Die Lösung: Der „CEPRES National Transformation Engine“ (CNTE)
Um dies zu beheben, schlagen die Autoren einen neuen Management-Rahmen vor, den CNTE. Betrachten Sie dies nicht als ein neues Programm, sondern als ein neues Betriebssystem für das Land.
Es besteht aus vier Hauptteilen:
- Belegschafts-Einsatz (Workforce Deployment): Ein System, um ausgebildete Menschen aktiv dorthin zu senden, wo sie gebraucht werden, anstatt sie untätig herumsitzen zu lassen.
*2. Gemeinschafts-Transformationszonen (Community Transformation Zones): Anstatt ein Problem nach dem anderen zu lösen (nur Gesundheit oder nur Landwirtschaft), schaffen sie spezifische Gebiete, in denen Teams aus den Bereichen Gesundheit, Landwirtschaft und Bildung in derselben Nachbarschaft zusammenarbeiten. - Multisektorale Integration (Multi-Sector Integration): Die verschiedenen Regierungsabteilungen dazu zwingen, miteinander zu sprechen und ihre Bemühungen zu koordinieren.
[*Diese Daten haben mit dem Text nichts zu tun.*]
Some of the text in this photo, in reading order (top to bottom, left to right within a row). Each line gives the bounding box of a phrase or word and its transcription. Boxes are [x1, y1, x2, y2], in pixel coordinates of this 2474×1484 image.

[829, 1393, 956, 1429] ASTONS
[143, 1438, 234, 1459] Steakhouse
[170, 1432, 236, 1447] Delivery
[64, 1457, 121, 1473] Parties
- Digitale Rechenschaftspflicht (Digital Accountability): Einsatz von Technologie (wie einem „Citizen Development Passport“), um Fortschritte in Echtzeit zu verfolgen, damit jeder weiß, ob die Arbeit geleistet wird und wo die Probleme liegen.
Die neue Theorie: „Human Capital Execution Theory“
Das Paper schließt mit dem Vorschlag einer neuen Theorie ab. Es besagt, dass Fähigkeiten allein nicht ausreichen.
- Alte Theorie: Wenn man Menschen ausbildet, wird das Land reich und gesund.
- Neue Theorie (Human Capital Execution Theory): Die Ausbildung der Menschen ist nur der erste Schritt. Ein Land wird nur reich und gesund, wenn man ein starkes System hat, um diese Menschen zu stationieren, zu koordinieren und zu überwachen.
Zusammenfassung
Das Paper argumentiert, dass Liberia (und viele andere Entwicklungsländer) nicht scheitern, weil es ihnen an klugen Köpfen oder Geld mangelt. Sie scheitern, weil ihnen die Managementsysteme fehlen, um diese klugen Köpfe in Taten umzusetzen.
Der CEPRES National Transformation Engine ist der vorgeschlagene „Dirigent“ und die „Partitur“, um das Orchester endlich in Harmonie spielen zu lassen und menschliches Potenzial in echte, messbare Ergebnisse wie bessere Gesundheit, mehr Nahrung und sicherere Gemeinschaften zu verwandeln.